* _Task to complete_
The records that follow are to be repeated in full, with no pictures retained.

(Collected data entries)

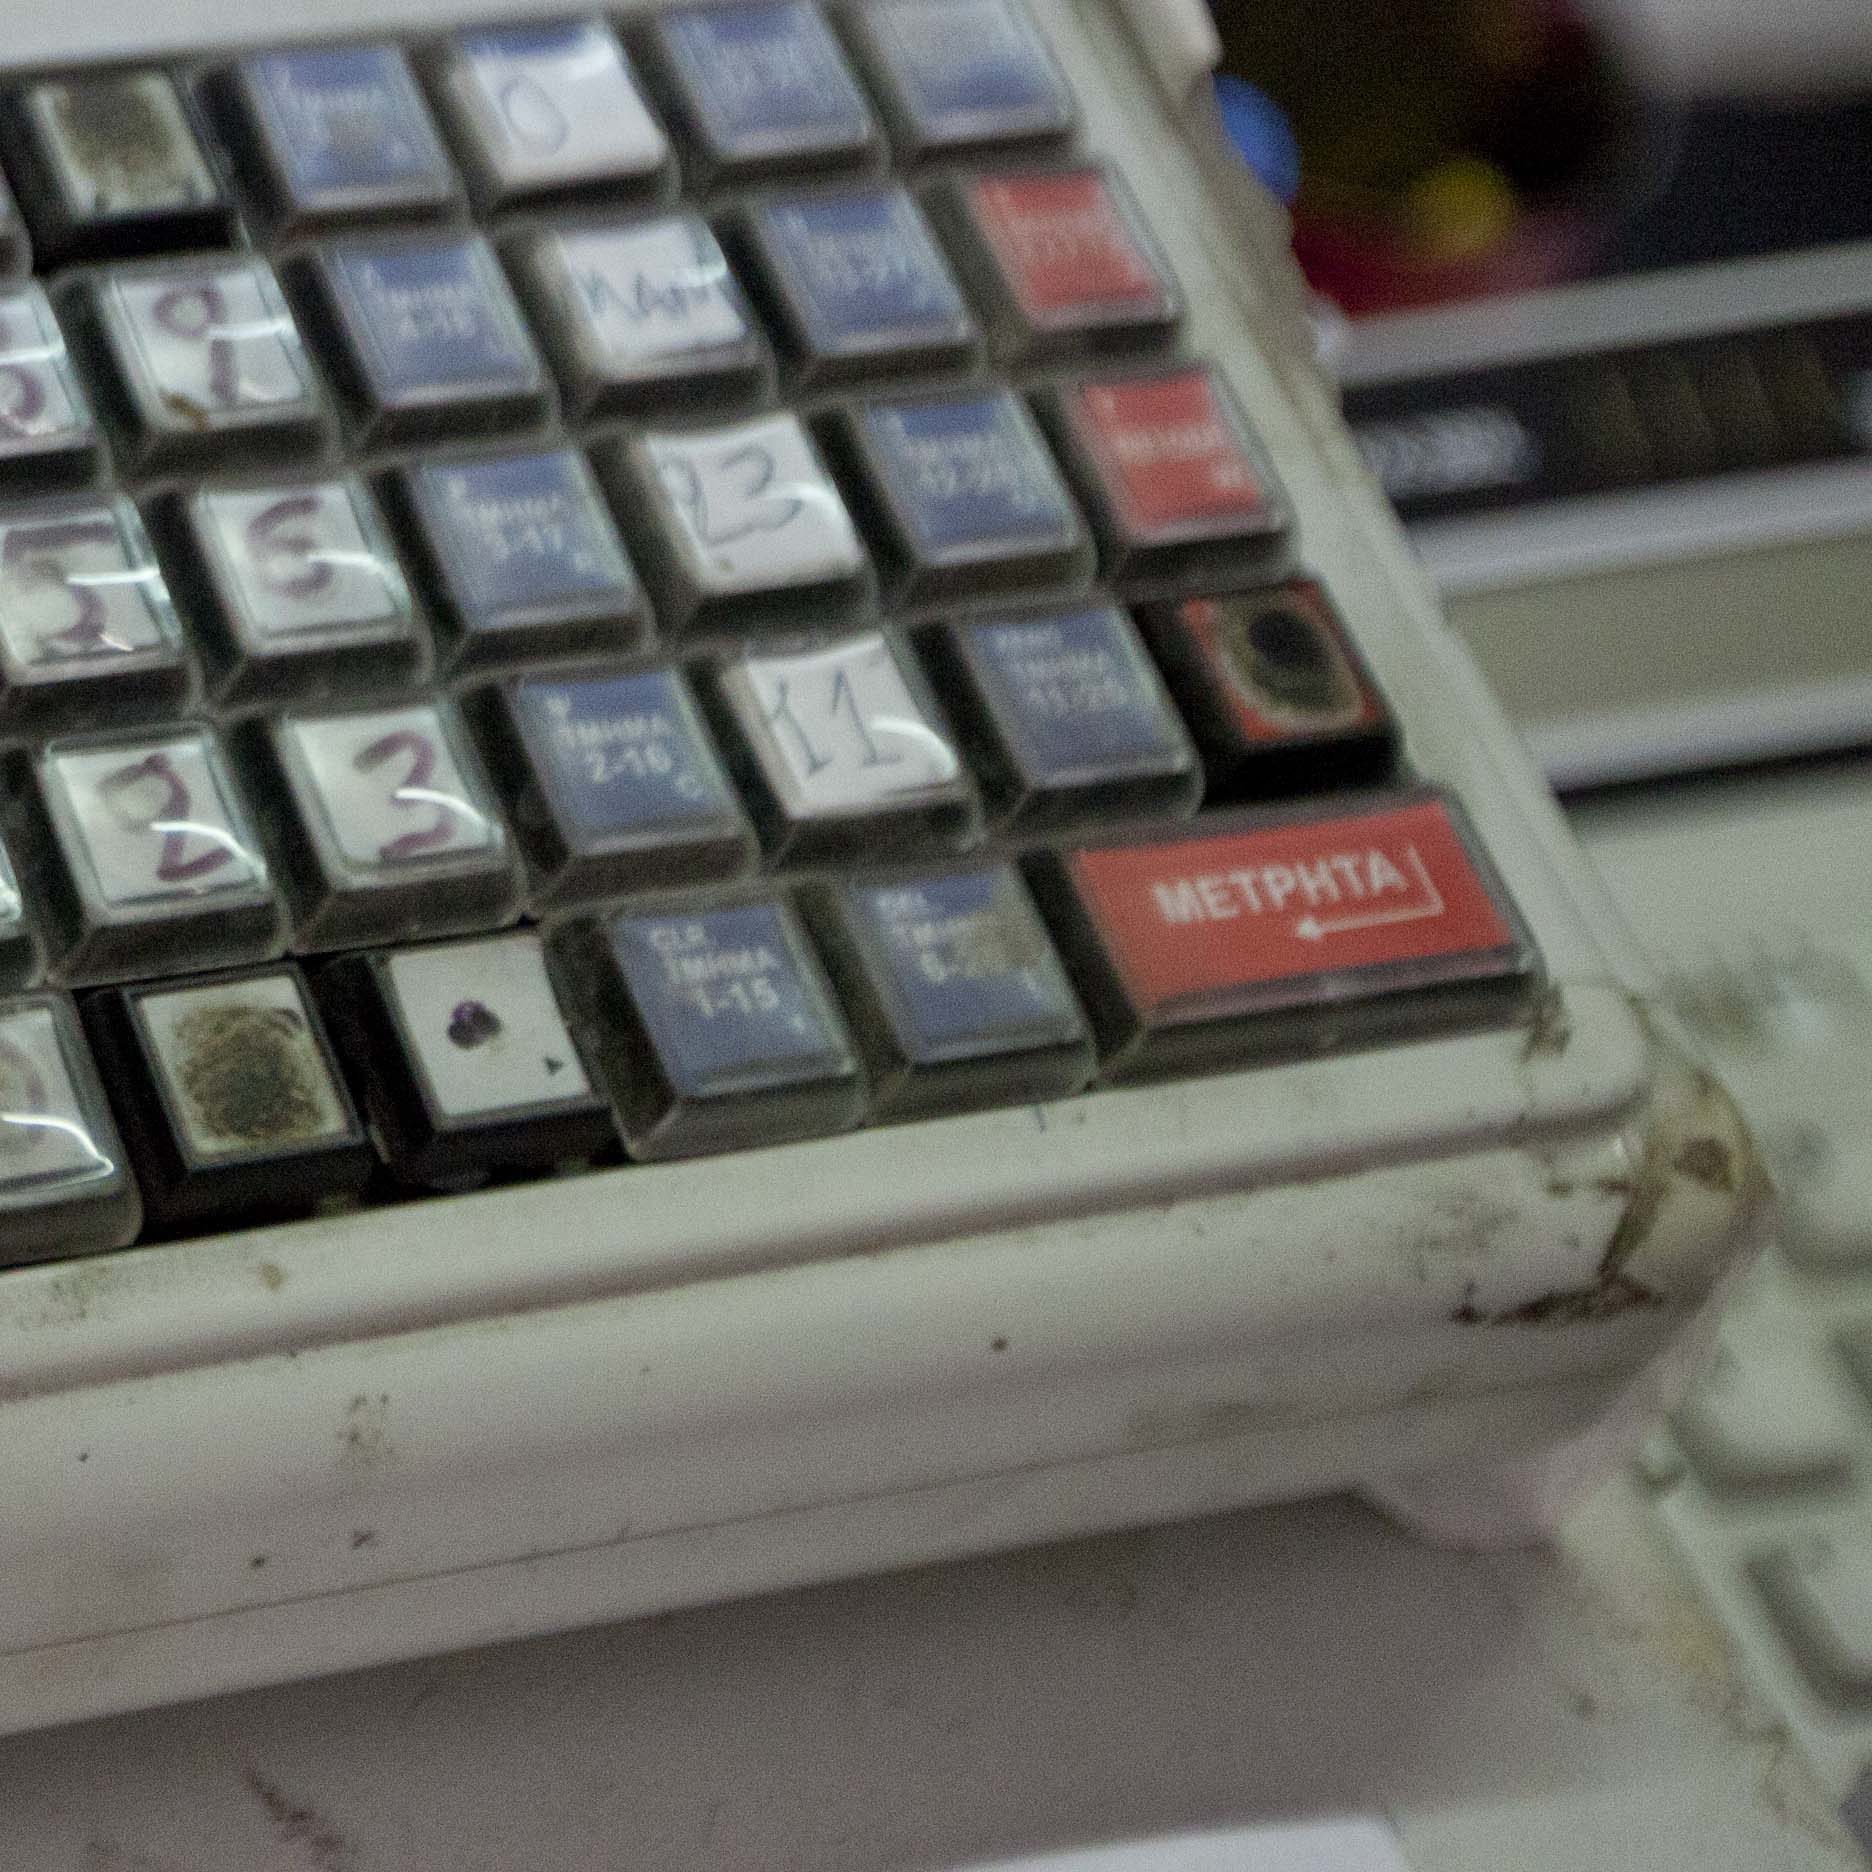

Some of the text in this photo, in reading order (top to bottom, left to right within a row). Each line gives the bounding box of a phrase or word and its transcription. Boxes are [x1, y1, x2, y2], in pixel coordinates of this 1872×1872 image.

[151, 283, 238, 407] 9
[98, 751, 235, 882] 2
[354, 729, 456, 861] 3
[1153, 847, 1407, 925] ΜΕΤΡΗΤΑ

* _Exercise solution_
Some of the text in this photo, in reading order (top to bottom, left to right within a row). Each line gives the bounding box of a phrase or word and its transcription. Boxes are [x1, y1, x2, y2], in pixel coordinates of this 1872×1872 image.

[151, 283, 238, 407] 9
[98, 751, 235, 882] 2
[354, 729, 456, 861] 3
[1153, 847, 1407, 925] ΜΕΤΡΗΤΑ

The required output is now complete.